Exercise prompt: Take from the entries below the stretch from the line with "Some of the text" through the line with "this 1920×1280 image.", and return it exactly, leaving the pictures out.

Supplied records:
━━━━━━━━━━━━━━━━━━━━

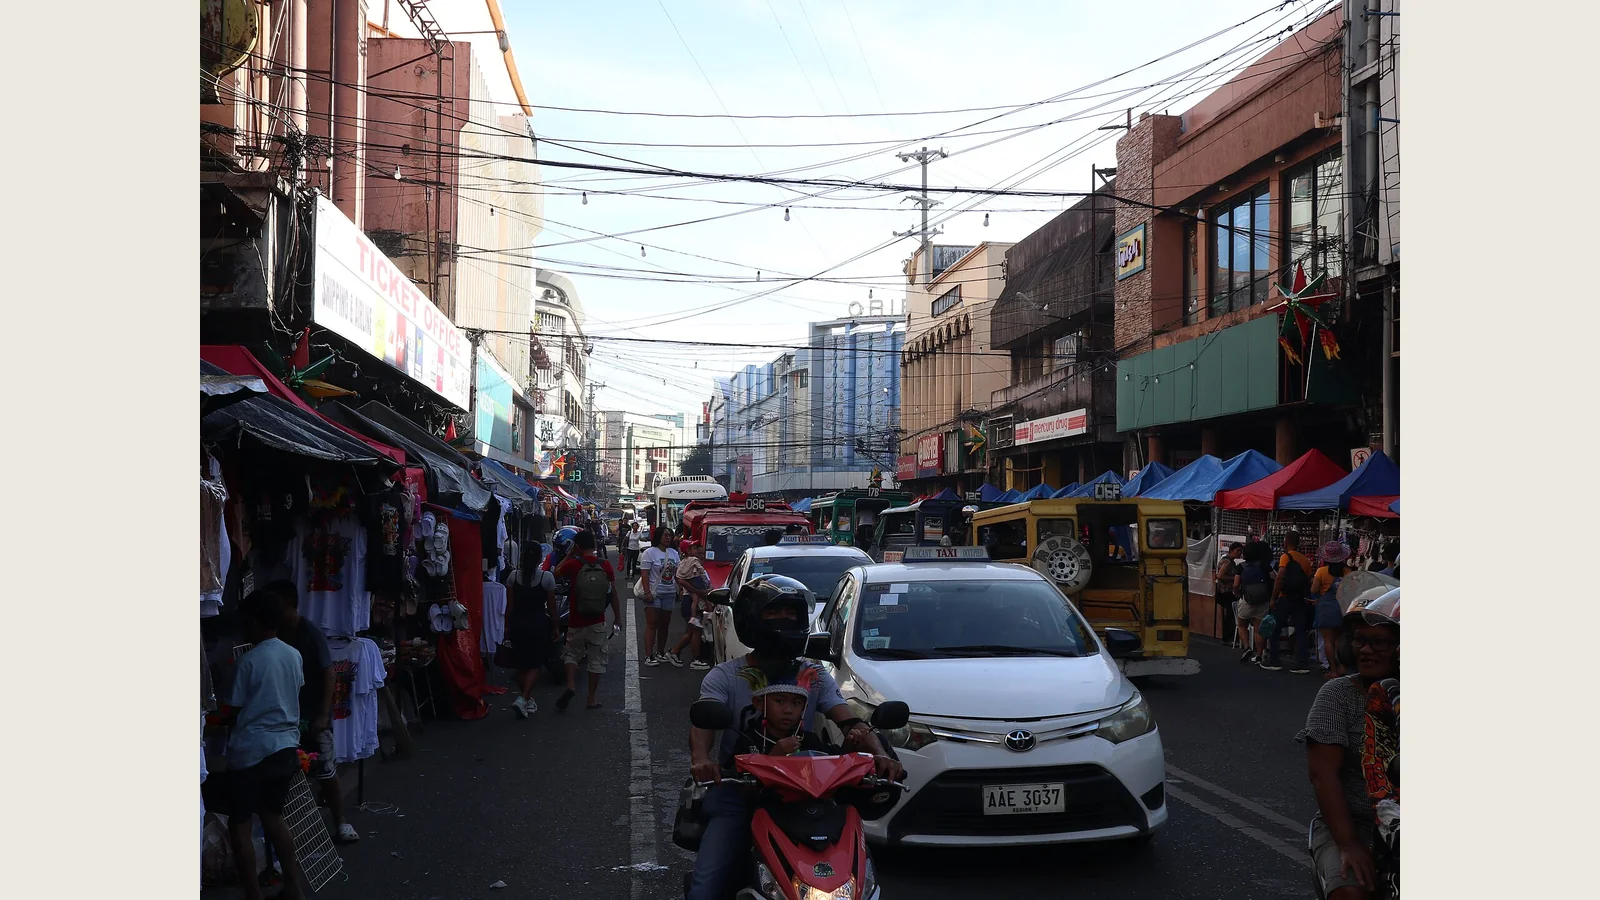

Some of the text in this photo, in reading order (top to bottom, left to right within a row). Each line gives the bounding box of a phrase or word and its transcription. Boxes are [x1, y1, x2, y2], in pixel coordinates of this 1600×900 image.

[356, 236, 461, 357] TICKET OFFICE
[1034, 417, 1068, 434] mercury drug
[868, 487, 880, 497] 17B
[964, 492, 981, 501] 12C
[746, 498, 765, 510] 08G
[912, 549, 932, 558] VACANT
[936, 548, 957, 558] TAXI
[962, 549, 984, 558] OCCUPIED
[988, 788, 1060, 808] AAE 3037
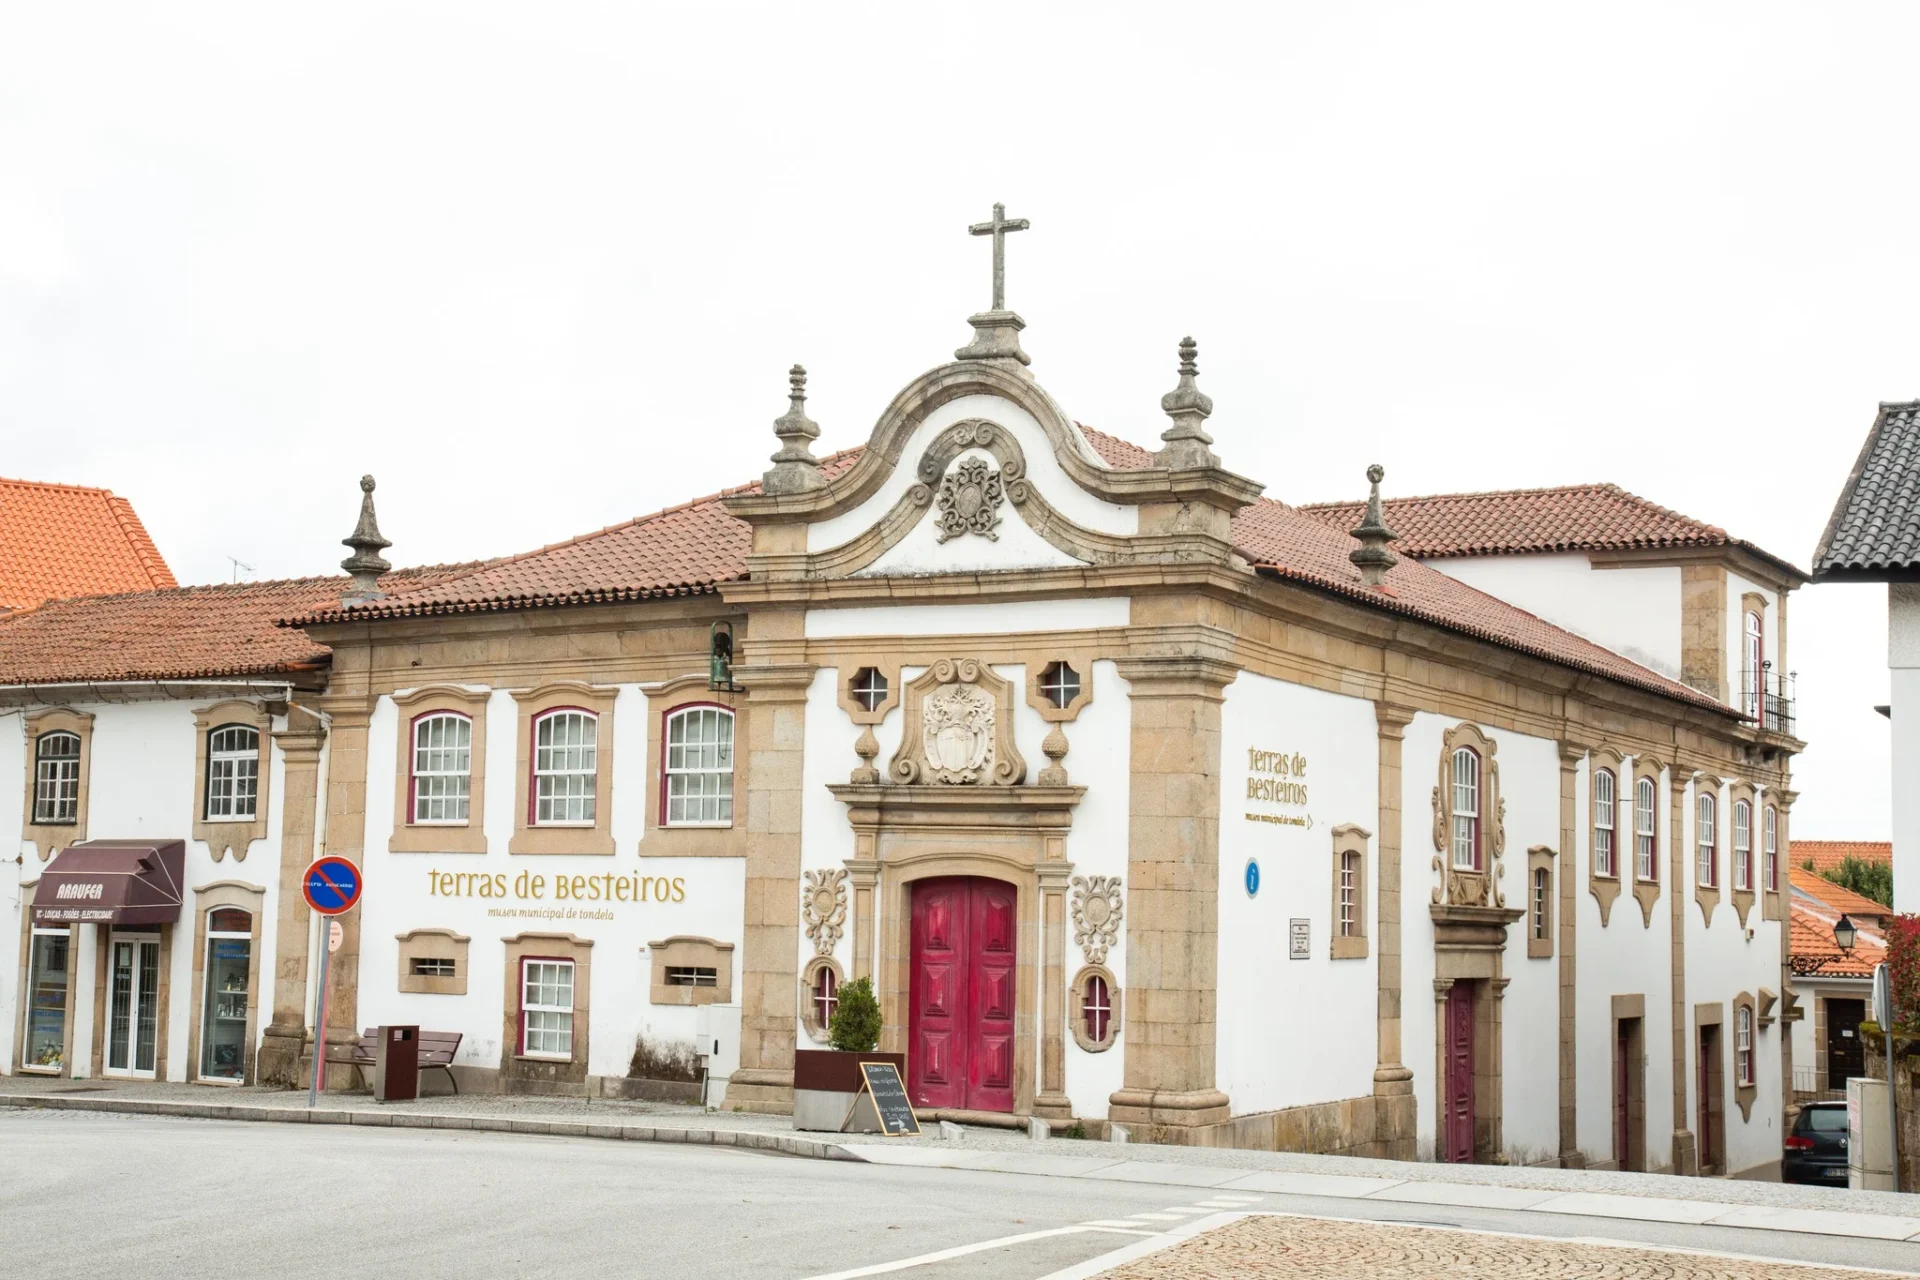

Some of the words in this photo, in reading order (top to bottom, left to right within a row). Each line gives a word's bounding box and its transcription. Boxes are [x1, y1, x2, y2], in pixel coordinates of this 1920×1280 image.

━━━━━━━━━━━━━━━━━━━━

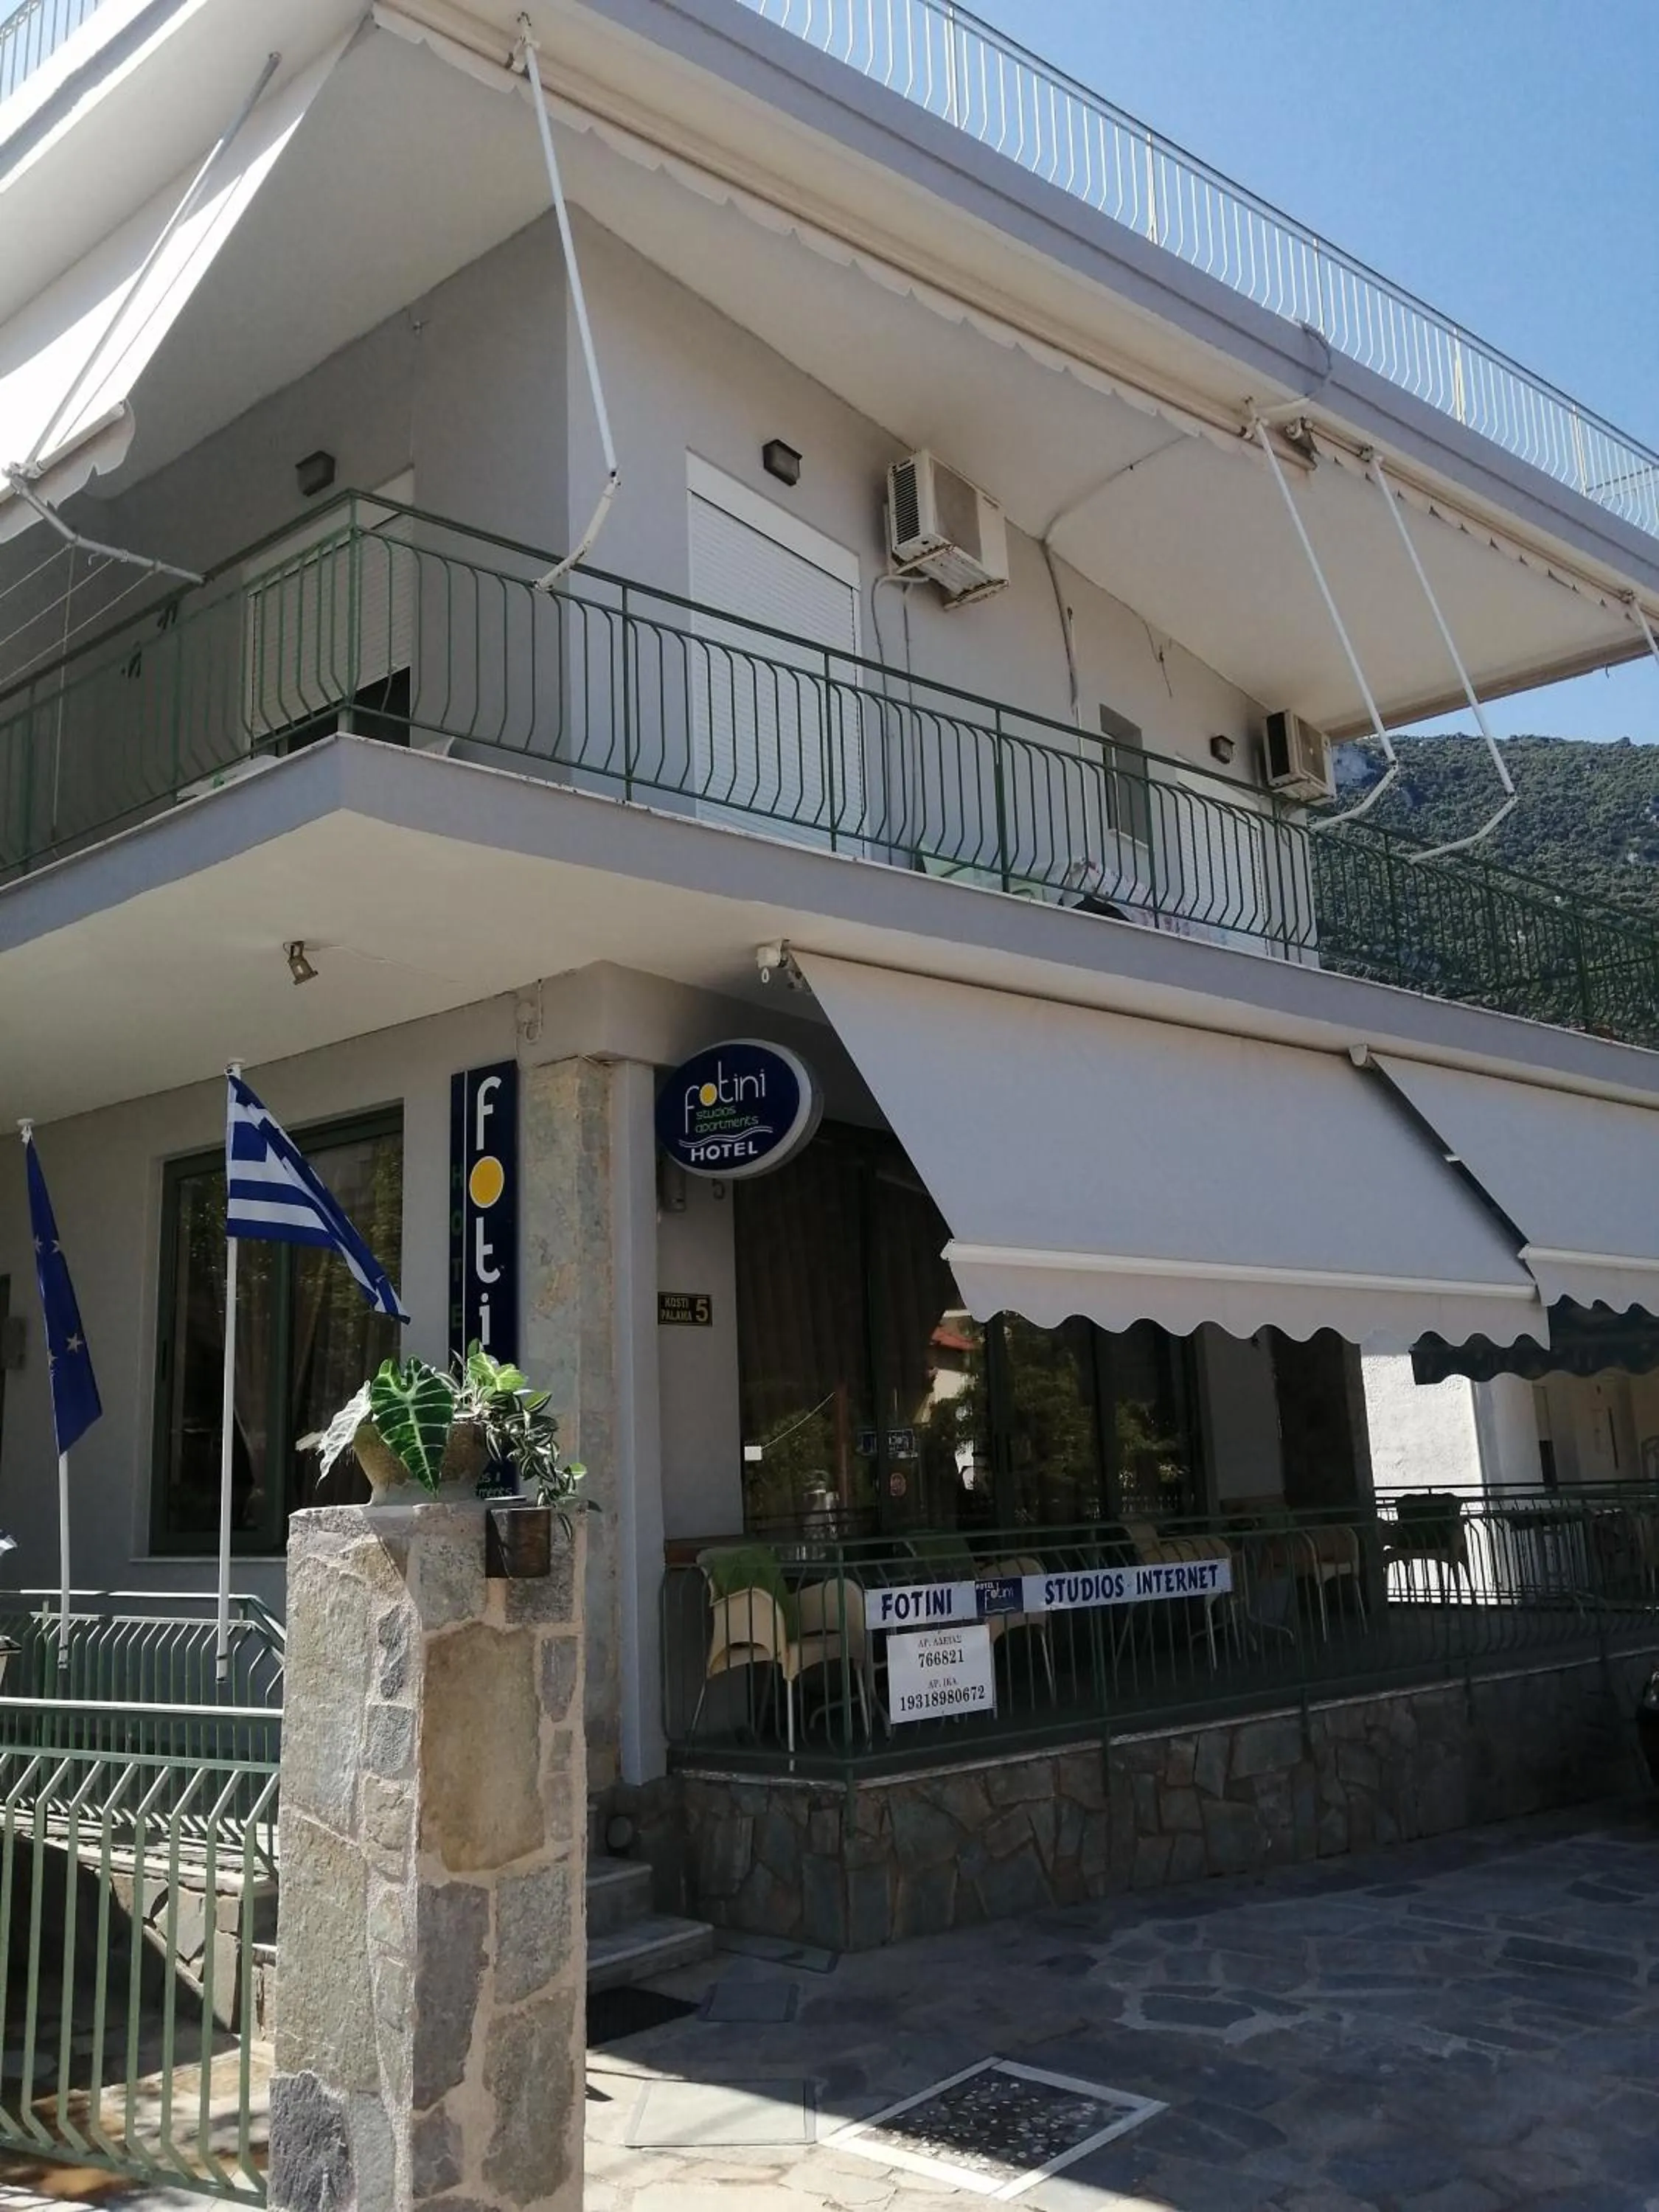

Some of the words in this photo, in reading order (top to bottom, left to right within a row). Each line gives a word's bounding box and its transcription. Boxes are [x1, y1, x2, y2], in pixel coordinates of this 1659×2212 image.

━━━━━━━━━━━━━━━━━━━━

Task solution:
Some of the text in this photo, in reading order (top to bottom, left to right within a row). Each line gives the bounding box of a phrase or word and its transcription. Boxes are [x1, y1, x2, y2], in pixel coordinates of this 1600×900 image.

[356, 236, 461, 357] TICKET OFFICE
[1034, 417, 1068, 434] mercury drug
[868, 487, 880, 497] 17B
[964, 492, 981, 501] 12C
[746, 498, 765, 510] 08G
[912, 549, 932, 558] VACANT
[936, 548, 957, 558] TAXI
[962, 549, 984, 558] OCCUPIED
[988, 788, 1060, 808] AAE 3037

Some of the words in this photo, in reading order (top to bottom, left to right within a row). Each line gives a word's bounding box and its transcription. Boxes are [x1, y1, x2, y2], in pixel coordinates of this 1920×1280 image.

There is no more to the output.